The cover of Stephen H. Norwood's The Third Reich in the Ivory Tower shows a mortarboard bedecked with a Nazi flag. This image linking U.S. campuses to the swastika is dramatic, but it is also tendentious and unbalanced—and so is Norwood's historical narrative, which has at its core a scathing indictment of Depression-era America's universities for cozying up to Nazi Germany. Norwood contends that U.S. universities helped to legitimate Hitlerism by maintaining amicable relations with Nazi Germany long after the barbarous nature of the Nazi regime had become apparent. Although accurate on many of the particular incidents with which it deals, this study is misleading on account of its narrow scope and failure to confront a large number of actions by American academic leaders that challenge the author's claims.

Norwood's indictment of American academics starts at the top—with Harvard University. He portrays Harvard President James B. Conant as playing a key role in this legitimization process. Conant welcomed representatives from Nazi Germany to Harvard's ceremonies, including its tercentenary celebration in 1936, and in turn supported Harvard's participation in academic processions hosted by Germany's Nazified universities. Norwood accuses Conant of repeatedly missing opportunities to criticize the Nazi regime and saying nothing about its increasingly brutal anti-Semitism. Conant also proved indifferent to efforts to rescue persecuted Jewish scholars from Germany. A chapter on Columbia offers a similar indictment of its president, Nicholas Murray Butler, with the added accusation that he sought to suppress anti-Nazi dissent on his campus and punished students and faculty who engaged in such dissent. The elite women's colleges of the Northeast known as the Seven Sisters—Vassar, Smith, Mount Holyoke, Wellesley, Bryn Mawr, Radcliffe, and Barnard—come off on Norwood's pages as embracing Nazi Germany through exchange programs that sent students to Germany and had them returning to sing Hitler's praises. He condemns the University of Virginia for allowing its [End Page 163] Institute of Public Affairs Roundtable to give a "respectful hearing for Nazi Germany's apologists" (p. 133). Norwood depicts the American universities' German departments as "Nazi nests" (p. 158) and U.S. Catholic universities as engaging in a "flirtation with fascism" (p. 196).

After more than 200 pages depicting academe's callousness and stupidity in refusing to think critically about Nazi Germany, there seems a hopeful sign of change. Norwood begins his last chapter on the Nazi era by stating that, "only in late 1938, after the Kristallnacht pogroms in Germany, did American universities become significantly involved in protest against Nazism" (p. 220). Yet even here Norwood finds academic community leadership wanting because the "initiative" behind these protests "came largely from students" rather than faculty or university presidents (p. 220). He chastises campus officials for not going far enough in their anti-Nazi actions, since they "remained unwilling to press for strong retaliatory measures against Germany" and refused "to assume much responsibility for raising funds to bring refugees from Nazism to their campuses" (p. 220).

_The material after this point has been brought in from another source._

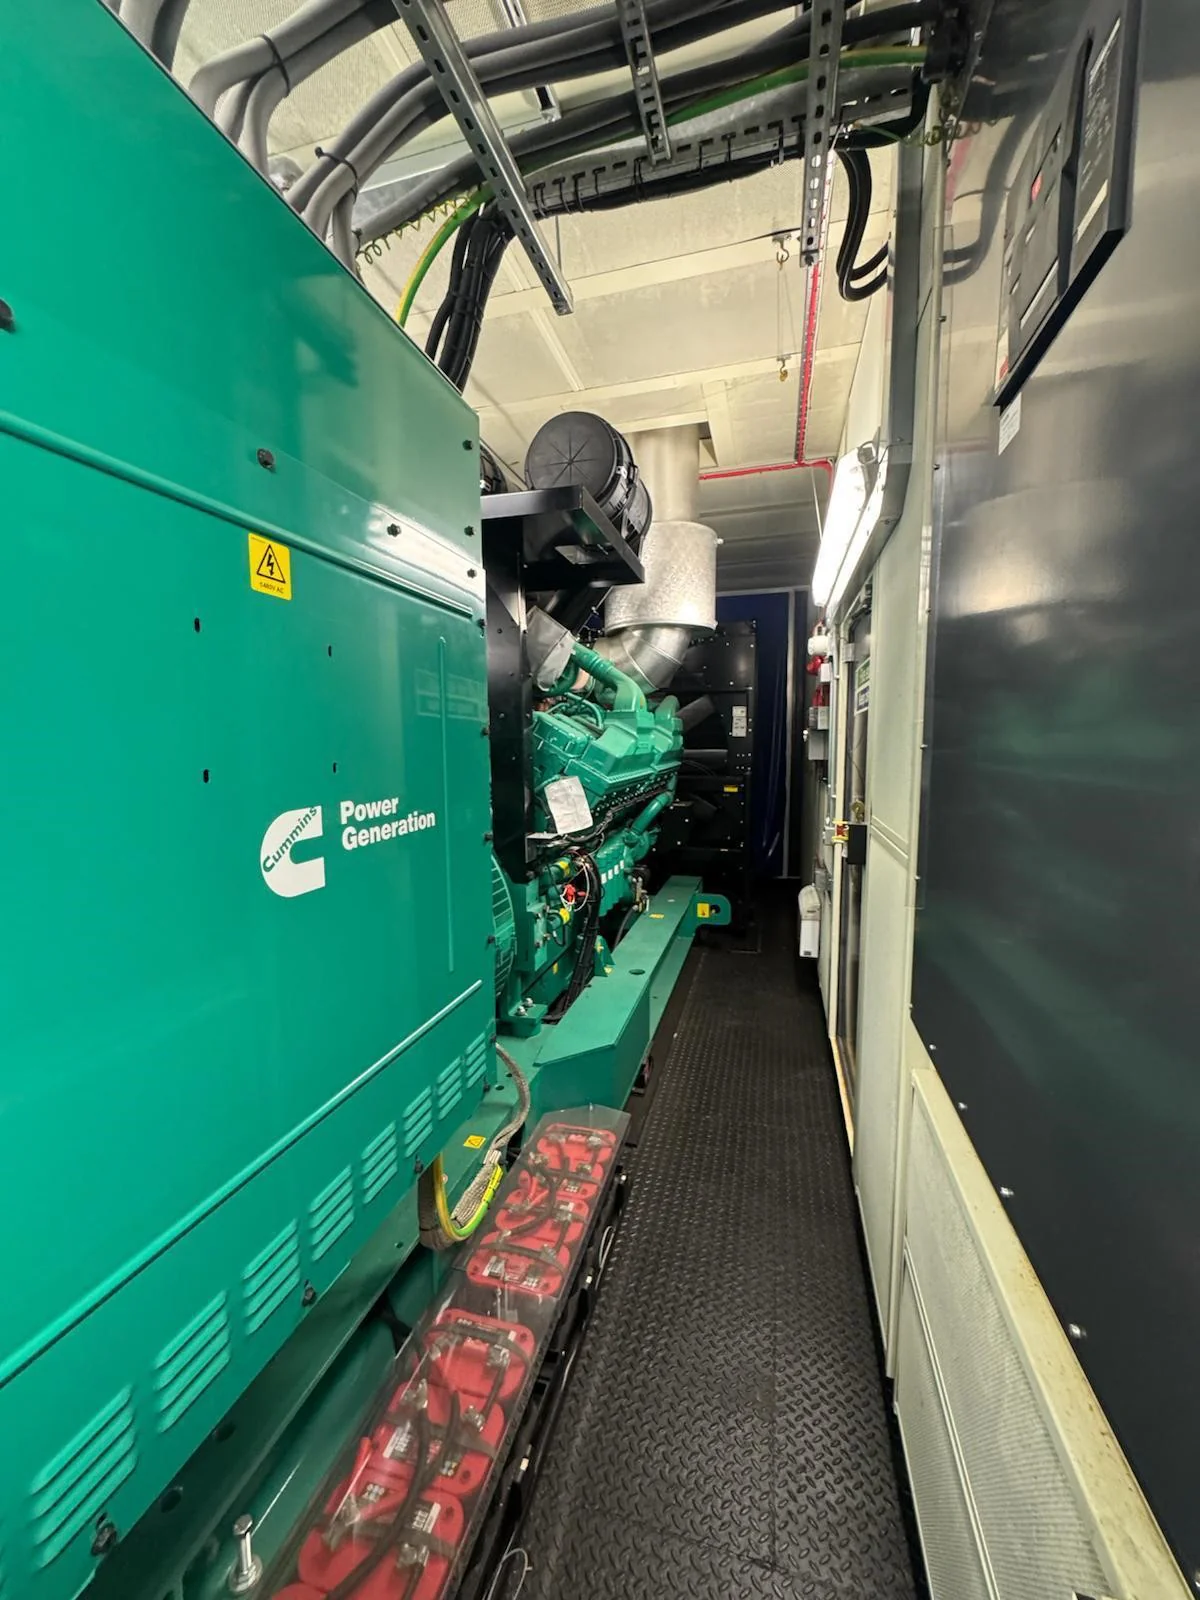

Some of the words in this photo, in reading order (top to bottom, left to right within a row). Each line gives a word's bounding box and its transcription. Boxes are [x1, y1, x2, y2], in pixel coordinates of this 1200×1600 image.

To his credit, Norwood roots his narrative in extensive evidence from university archives. His indictment is at points powerful, as The Third Reich in the Ivory Tower offers the most detailed and devastating account ever written on American university ties to Nazi Germany. A jury reading only this prosecutor's brief against the university for complicity with the Nazis would surely bring in a guilty verdict. But Norwood's brilliantly provocative book—despite its valuable revelations about academic indifference to Hitlerism—is in its way a kind of case study of the historiographical problems that emerge when a historian assumes the role of prosecutor. It is at times breathtakingly one-sided, argumentative, selective in its use of evidence, chronologically constricted, and out of touch with the political dynamics of isolationism, the American Left, and the Popular Front—which did so much to shape campus discourse on the international crises...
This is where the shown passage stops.